The chair of the Bar Council has raised concerns about whether alternative business structures should be permitted at the bar, shortly after its regulator applied to license them.

In a speech to the Australian Bar Association, Alistair MacDonald QC said there were a ‘whole raft of concerns and questions’ about the independence of lawyers in entities with controlling interests outside the law, and about whether this would create a conflict of interest.

He also questioned whether, in a sector such as criminal legal aid, it would be ‘appropriate’ to have entities in the market ‘who are there with the primary purpose of simply maximising profit’.
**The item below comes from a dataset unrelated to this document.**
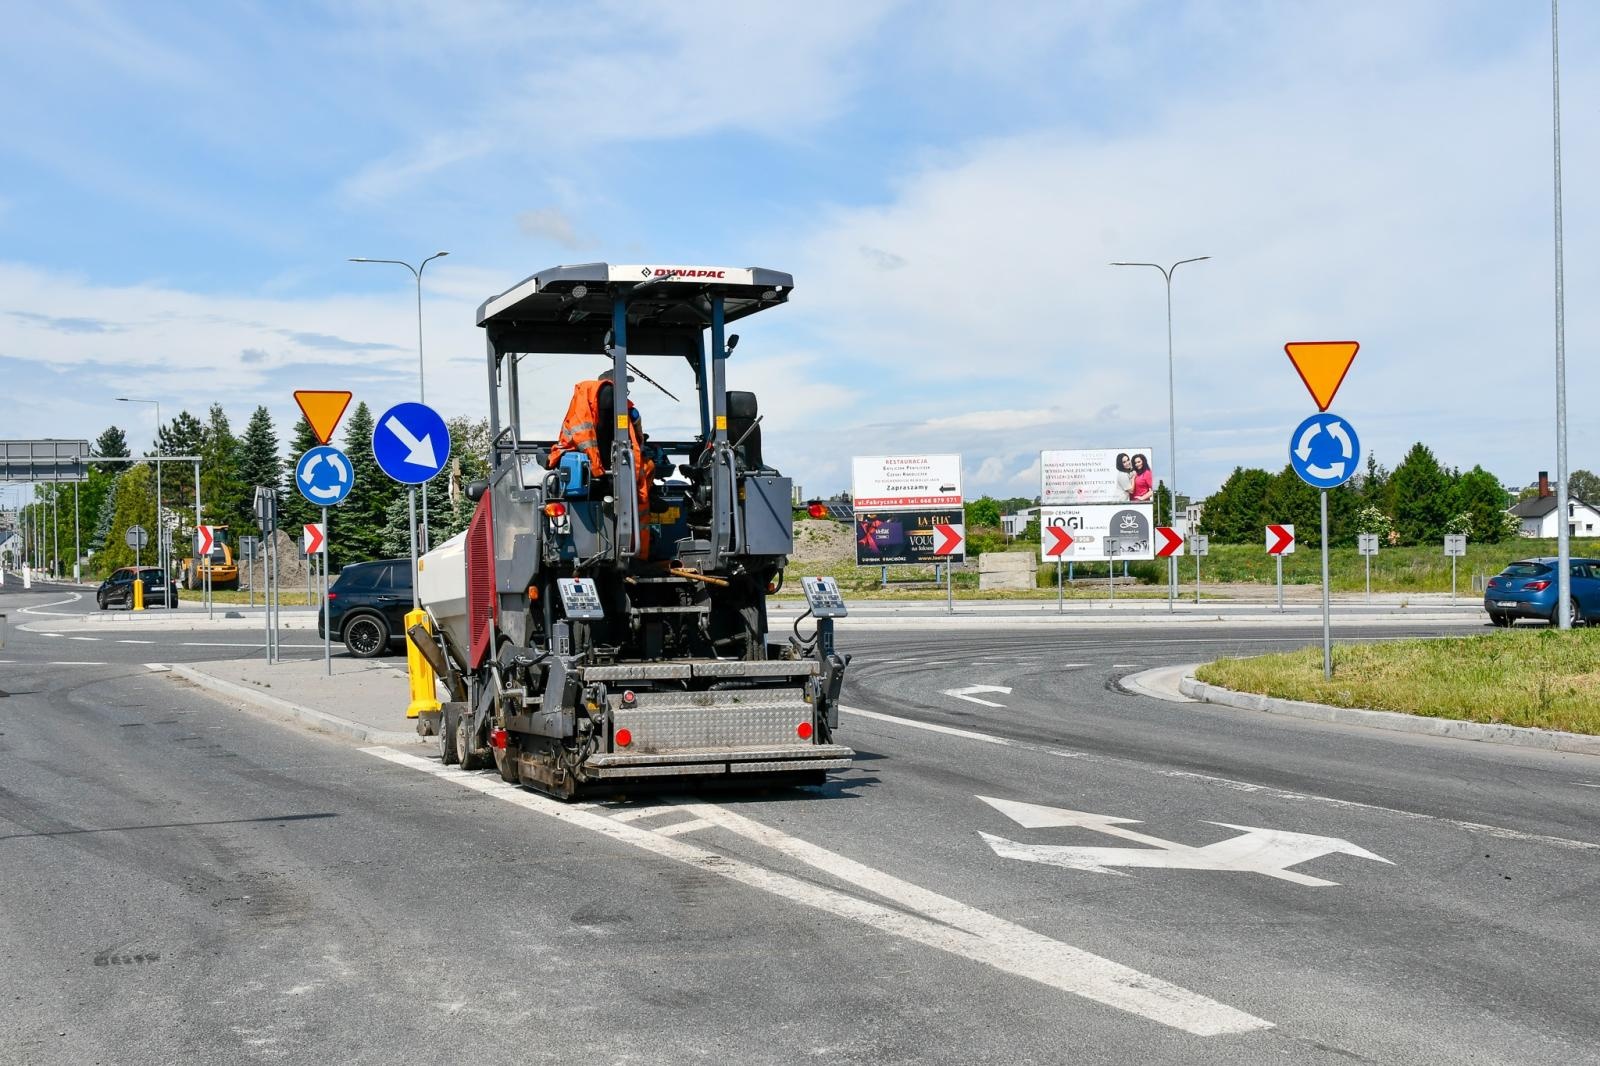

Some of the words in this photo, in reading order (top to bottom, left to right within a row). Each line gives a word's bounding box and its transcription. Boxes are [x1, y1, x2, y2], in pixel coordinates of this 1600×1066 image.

[654, 269, 725, 278] DYNAPAC
[918, 516, 928, 525] LA
[909, 536, 934, 545] VOUC
MacDonald said: ‘Governments have an apparently insatiable appetite to tinker with institutions without fully appreciating the effects of their actions. This alleged innovation may be another example of that tendency.’

MacDonald also addressed the issues about the ‘astronomical’ costs of the bar training course, which combined with the limited amount of pupillages, leaves ‘large numbers of highly qualified people who bear the bar ill will’.

‘There is nothing like, as they would see it, being a reject, to fuel resentment and recrimination against those who have been successful,’ he said. 

He called for an overhaul of the course, which would include breaking it into two parts, with the first knowledge-based part delivered online followed by a tough exam.

Bringing this part of the course online, based on suggestions from the director of the Council of the Inns of Court, James Wakefield, would be ‘much cheaper and much more flexible than the current system’, MacDonald said.

The exam would also be tough enough to ensure those who pass are more likely to have a chance of obtaining a pupillage, he added. He also proposed the second, practical, part of the court should be much shorter.

He said: ‘I have every reason to believe that this system will be accepted and will become available in the foreseeable future. It simply must be in the interest of the bar to reduce the cost of training to a manageable sum.’

Highlighting the need for change, MacDonald noted that while 1,700 people passed the bar qualification in 2014, there were just 425 pupillages on offer that year.

‘Because our system permits people to be called the the bar once they have passed the qualifying exams, we are, year on year, adding many hundreds of people to the bar register who are not, in reality, barristers at all since they have not carried out a pupillage,’ he said, warning that this devalues the brand.